What makes a good branch, a fruitful branch in the vineyard of our lives? 3 points
Forgiveness from Isaiah 5.1-2
'Let me sing for my beloved my love-song concerning his vineyard. Let me sing for my beloved my love-song concerning his vineyard: my beloved had a vineyard on a very fertile hill. He dug it and cleared it of stones, and planted it with choice vines; he built a watch-tower in the midst of it, and hewed out a wine vat in it; he expected it to yield grapes, but it yielded wild grapes.'
Sometimes our roots stretch into places and people that feed us the wrong nutrients. We soak up stuff that’s not good for us. Even though God gives us all the grace and love we need, we go wild, turn away, are distracted from what God requires of us. Our shoots stretch off towards the wrong sort of warmth. There will be times in our lives when we’ve missed opportunities. Or gone our own wayward way Or, for the hell of it, we’ve gone mad, and lived to regret actions or words. When the fruits of our life have been sour. When we’ve yielded wild grapes. We know our need of forgiveness. The true vine offers that forgiveness.
Thanksgiving from Psalm 80 v8
'You brought a vine out of Egypt; you drove out the nations and planted it. You cleared the ground for it; it took deep root and filled the land.'
The psalmist addresses God. He describes the people of God, brought out of slavery in Egypt to the Promised Land. A land cleared and prepared for the vine.
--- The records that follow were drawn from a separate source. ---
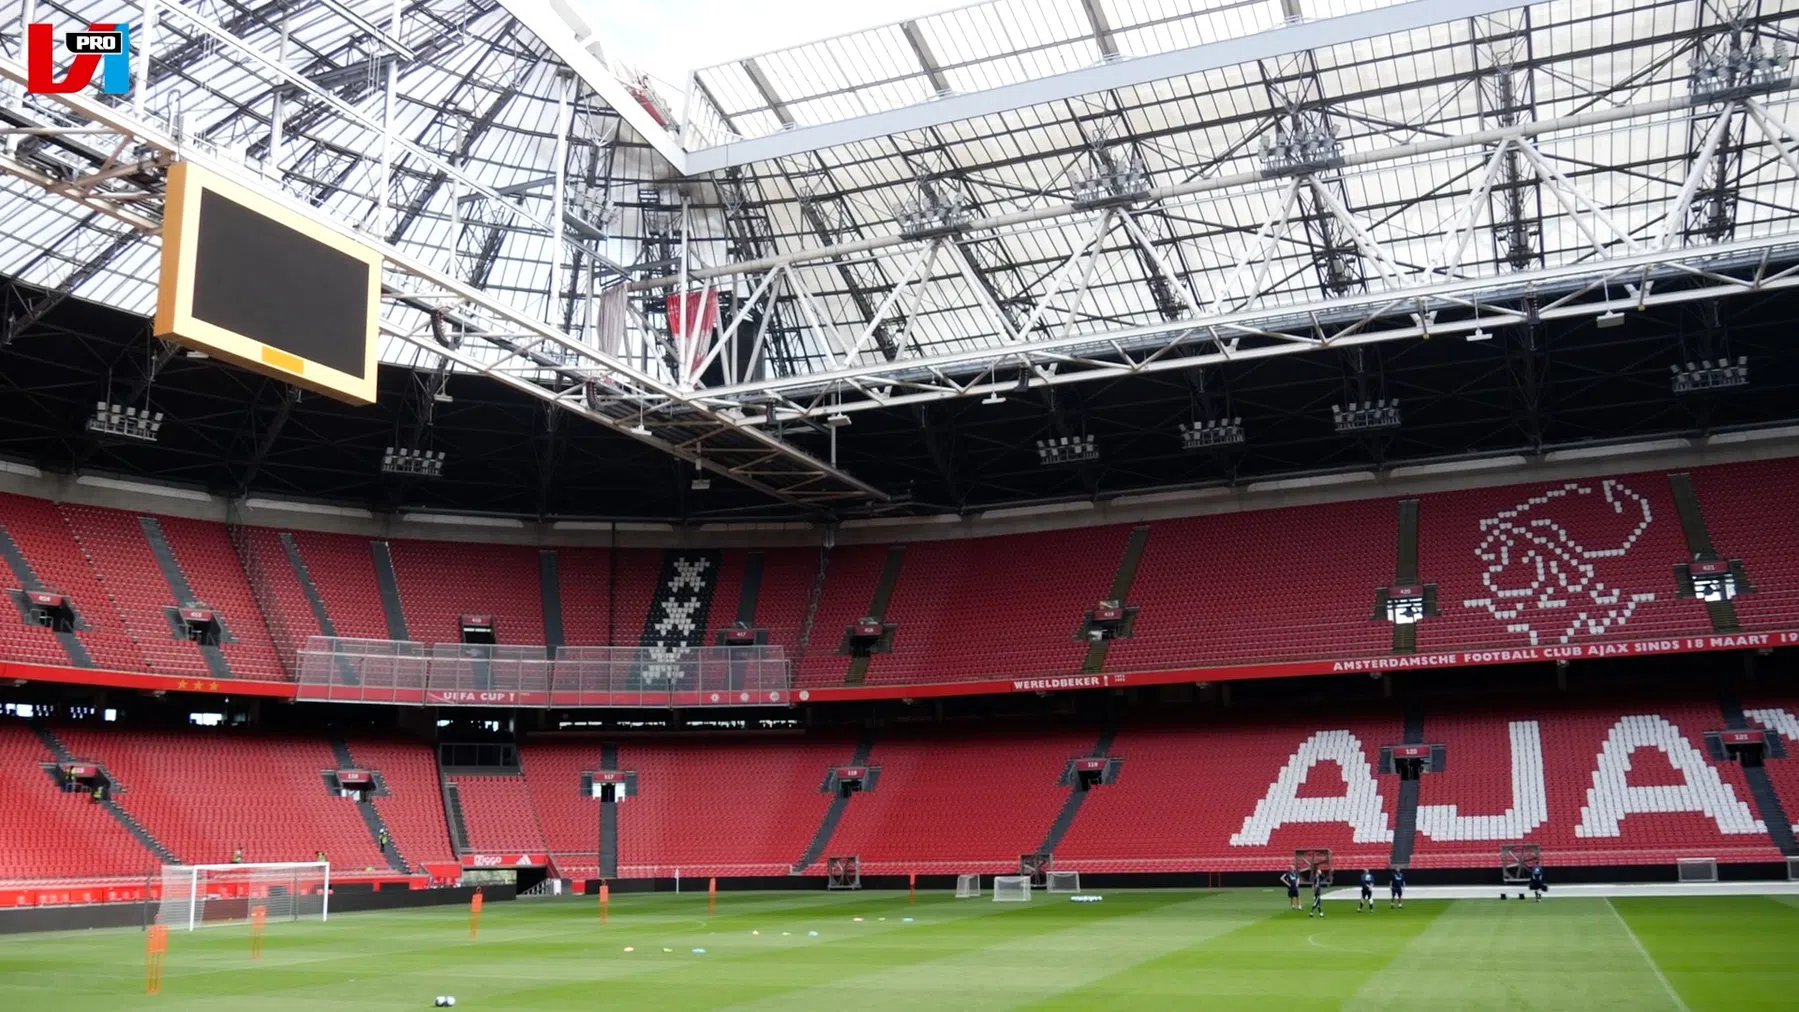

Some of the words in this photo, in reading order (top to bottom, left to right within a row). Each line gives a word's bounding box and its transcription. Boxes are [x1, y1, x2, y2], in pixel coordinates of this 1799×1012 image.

[1333, 654, 1456, 671] AMSTERDAMSCHE
[1463, 649, 1538, 663] FOOTBALL
[1543, 646, 1581, 658] CLUB
[1588, 643, 1629, 656] AJAX
[1634, 639, 1680, 652] SINDS
[1687, 639, 1704, 649] 18
[1710, 634, 1769, 647] MAART
[1013, 676, 1100, 690] WERELDBEKER
[443, 691, 475, 701] UEFA
[480, 692, 505, 701] CUP
The vine is planted and grows and prospers. We might think about our own journeys through life in these terms. God has planted you, nurtured you, and enabled you to grow. You have put down roots in your life - in people, in places, in passions. Then you produce shoots. The connections you make, the skills you have developed. And you bear fruit: the ideas you hatch and develop; your skills that you use to enhance others; your passions that inspire and enthuse. Give thanks, for the ways God has enabled us to develop roots, shoots and fruits.
Reshaping from Hosea 10.1
'Israel is a luxuriant vine that yields its fruit. The trouble was that the more luxuriant and prosperous Israel became, the more the people strayed after the pagan gods.'
Sometimes we are wilful and believe that we are right; we grow complacent; or we get carried away by our own sense of success, of direction. We fail to listen to God; we fail to have humility. Our heart, even though we don’t know it, is deeply misguided, wrong, and false. Sometimes, when that happens, all that God can do is break us down, so we are compelled to start again. We are an old vine that has no more to give. Those aspects of us need to be rooted out. Whoever does not abide in me is thrown away like a branch and withers; such branches are gathered, thrown into the fire, and burned.
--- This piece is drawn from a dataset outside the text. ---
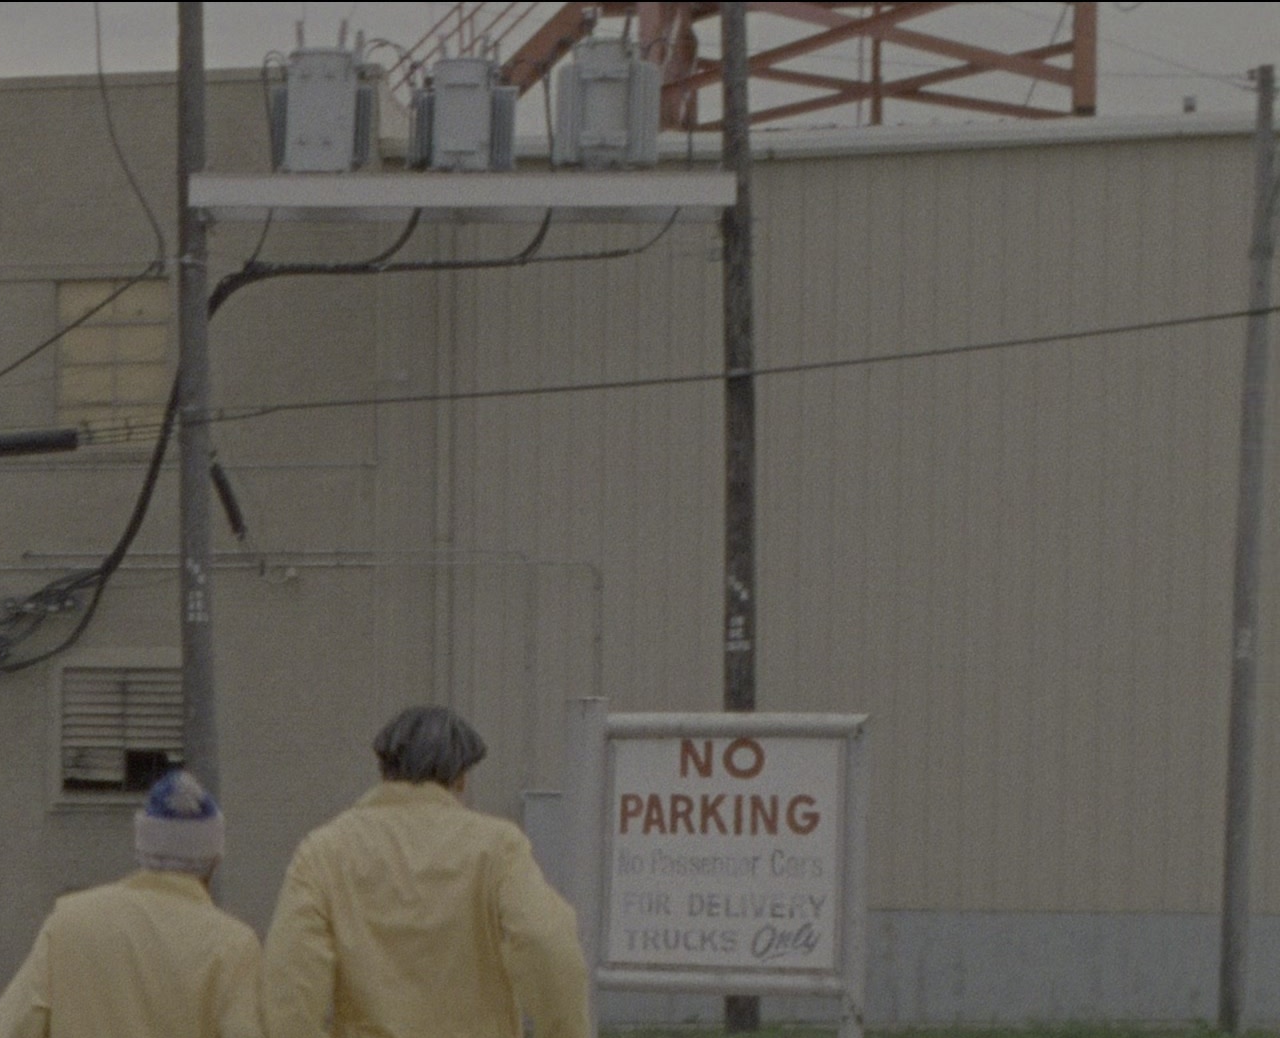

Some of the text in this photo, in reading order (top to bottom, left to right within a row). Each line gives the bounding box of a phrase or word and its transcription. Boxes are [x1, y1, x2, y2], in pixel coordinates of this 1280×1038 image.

[679, 736, 765, 779] NO
[618, 793, 821, 836] PARKING
[622, 891, 828, 919] FOR DELIVERY
[624, 921, 822, 959] TRUCKS Only
Today 3 new branches are going to be added to the vine. ‘Made clean’ as Philip tells the Ethiopian, not by a good scrub in a hot bath, but ‘by the word that has been spoken to you’. A cleansing inside of what dirties our souls and a fresh start, a start enfolded in the God who loves us and who will feed us and guide us. A fresh start that will not end when our life on earth ends, but will continue in the heavenly vineyard. As branches on the true vine, they will be held in God’s love, and love means not only how we feel but also what we do.
What will the wine from the fruits of these 3 new branches do?
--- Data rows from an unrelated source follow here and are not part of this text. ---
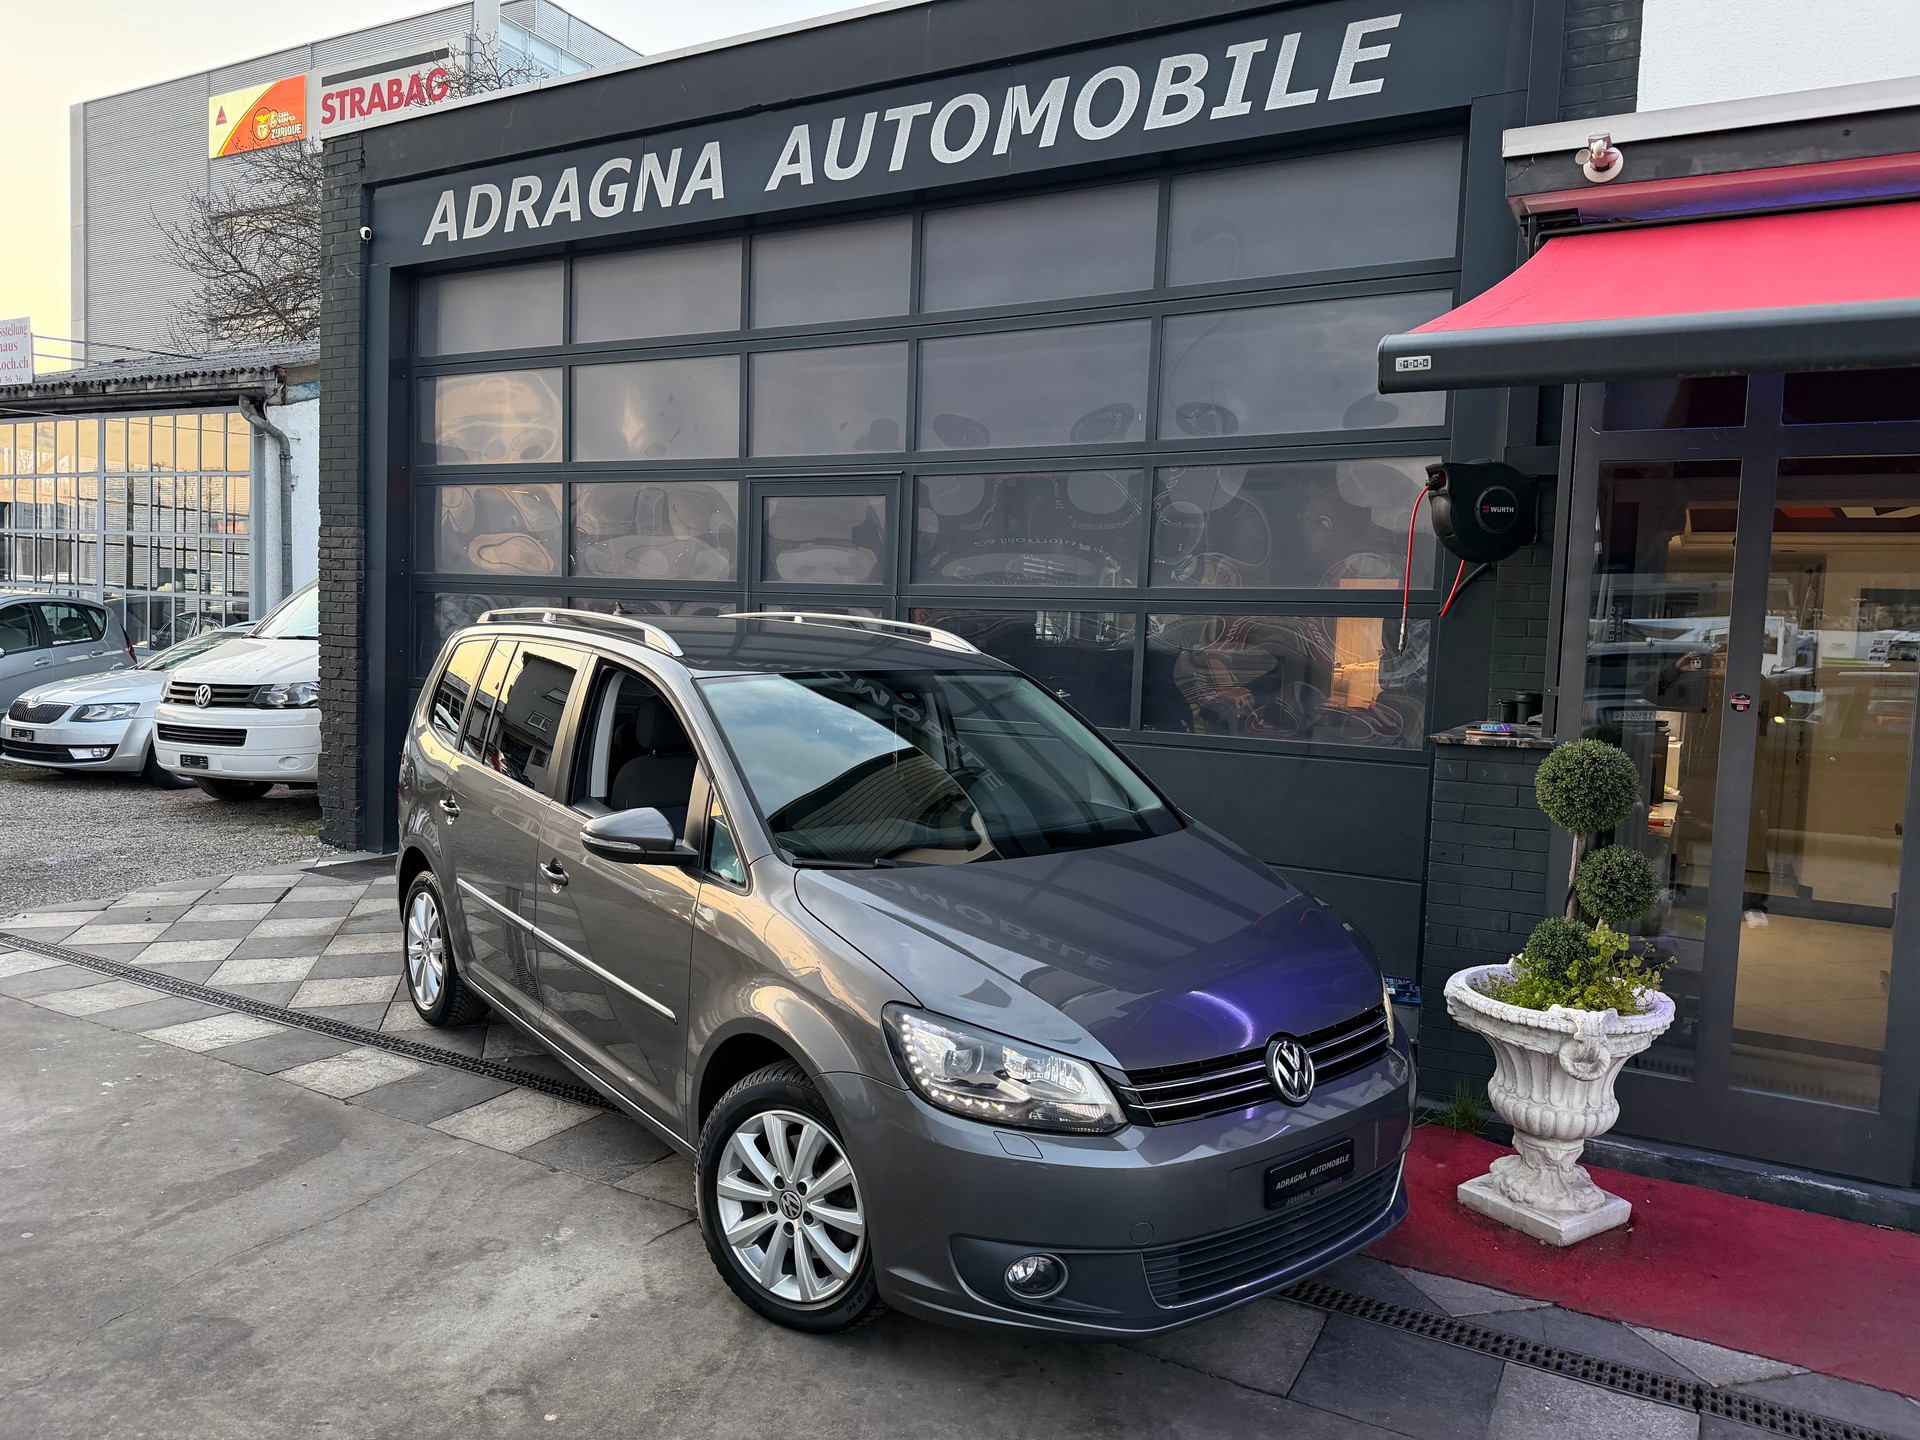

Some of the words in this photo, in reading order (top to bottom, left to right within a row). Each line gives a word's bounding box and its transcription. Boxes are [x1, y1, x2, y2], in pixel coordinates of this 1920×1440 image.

[321, 67, 450, 125] STRABAG
[271, 123, 303, 139] ZURIQUE
[421, 141, 725, 246] ADRAGNA
[764, 13, 1403, 192] AUTOMOBILE
[1398, 358, 1429, 369] STOBAG
[15, 374, 24, 383] 36
[1275, 1171, 1307, 1191] ADRAGNA
[1309, 1153, 1350, 1177] AUTOMOBILE
Will you be ‘a prophet in a cave’ as Charles and Sebastian went on to describe more of the wines that they tasted? A bold, robust wine, slightly peppery, stepping out fearlessly to point out the errors of the times, standing up for what is right in the face of danger, mockery, apathy, like the prophets of old?
Or perhaps ‘a necklace of pearls on a white neck’? a clean little number, with a hint of mint underlaid with shades of rose petals, performing beautiful acts of kindness, a pianist whose playing brings joy to others, a surgeon or a lifeguard?
Or ‘a swan’, smooth on the palate with a flowery nose and ripe berry flavours, serenely coping with all sorts of difficulties and problems and assisting others when they are struggling – an IT consultant, a teacher?
Whatever comes your way in life, as branches of the true vine you will always be nourished and sustained by the other branches – the church – and by the God who is love.